====== DATA TO EXAMINE

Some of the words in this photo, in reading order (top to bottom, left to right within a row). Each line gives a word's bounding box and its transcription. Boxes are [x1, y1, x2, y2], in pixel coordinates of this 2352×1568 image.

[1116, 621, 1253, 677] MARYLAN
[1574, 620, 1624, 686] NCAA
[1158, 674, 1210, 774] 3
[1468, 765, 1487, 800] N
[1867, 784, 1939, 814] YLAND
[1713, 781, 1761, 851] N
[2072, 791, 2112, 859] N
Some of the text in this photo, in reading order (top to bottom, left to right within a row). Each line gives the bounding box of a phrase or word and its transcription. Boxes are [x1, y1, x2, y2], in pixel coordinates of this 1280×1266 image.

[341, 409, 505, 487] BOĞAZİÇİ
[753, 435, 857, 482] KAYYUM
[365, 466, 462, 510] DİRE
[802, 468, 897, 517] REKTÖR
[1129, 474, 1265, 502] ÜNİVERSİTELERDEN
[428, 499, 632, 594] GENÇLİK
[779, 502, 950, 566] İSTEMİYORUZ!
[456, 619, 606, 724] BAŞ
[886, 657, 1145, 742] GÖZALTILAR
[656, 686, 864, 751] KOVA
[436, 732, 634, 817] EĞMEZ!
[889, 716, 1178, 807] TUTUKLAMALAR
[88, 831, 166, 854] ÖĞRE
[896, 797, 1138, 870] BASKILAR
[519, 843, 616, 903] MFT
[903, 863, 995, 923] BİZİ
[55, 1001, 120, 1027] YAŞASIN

============

• _TRY IT_
A complete, exact copy of the entries above is what is wanted.

• _RESULT_
Some of the words in this photo, in reading order (top to bottom, left to right within a row). Each line gives a word's bounding box and its transcription. Boxes are [x1, y1, x2, y2], in pixel coordinates of this 2352×1568 image.

[1116, 621, 1253, 677] MARYLAN
[1574, 620, 1624, 686] NCAA
[1158, 674, 1210, 774] 3
[1468, 765, 1487, 800] N
[1867, 784, 1939, 814] YLAND
[1713, 781, 1761, 851] N
[2072, 791, 2112, 859] N
Some of the text in this photo, in reading order (top to bottom, left to right within a row). Each line gives the bounding box of a phrase or word and its transcription. Boxes are [x1, y1, x2, y2], in pixel coordinates of this 1280×1266 image.

[341, 409, 505, 487] BOĞAZİÇİ
[753, 435, 857, 482] KAYYUM
[365, 466, 462, 510] DİRE
[802, 468, 897, 517] REKTÖR
[1129, 474, 1265, 502] ÜNİVERSİTELERDEN
[428, 499, 632, 594] GENÇLİK
[779, 502, 950, 566] İSTEMİYORUZ!
[456, 619, 606, 724] BAŞ
[886, 657, 1145, 742] GÖZALTILAR
[656, 686, 864, 751] KOVA
[436, 732, 634, 817] EĞMEZ!
[889, 716, 1178, 807] TUTUKLAMALAR
[88, 831, 166, 854] ÖĞRE
[896, 797, 1138, 870] BASKILAR
[519, 843, 616, 903] MFT
[903, 863, 995, 923] BİZİ
[55, 1001, 120, 1027] YAŞASIN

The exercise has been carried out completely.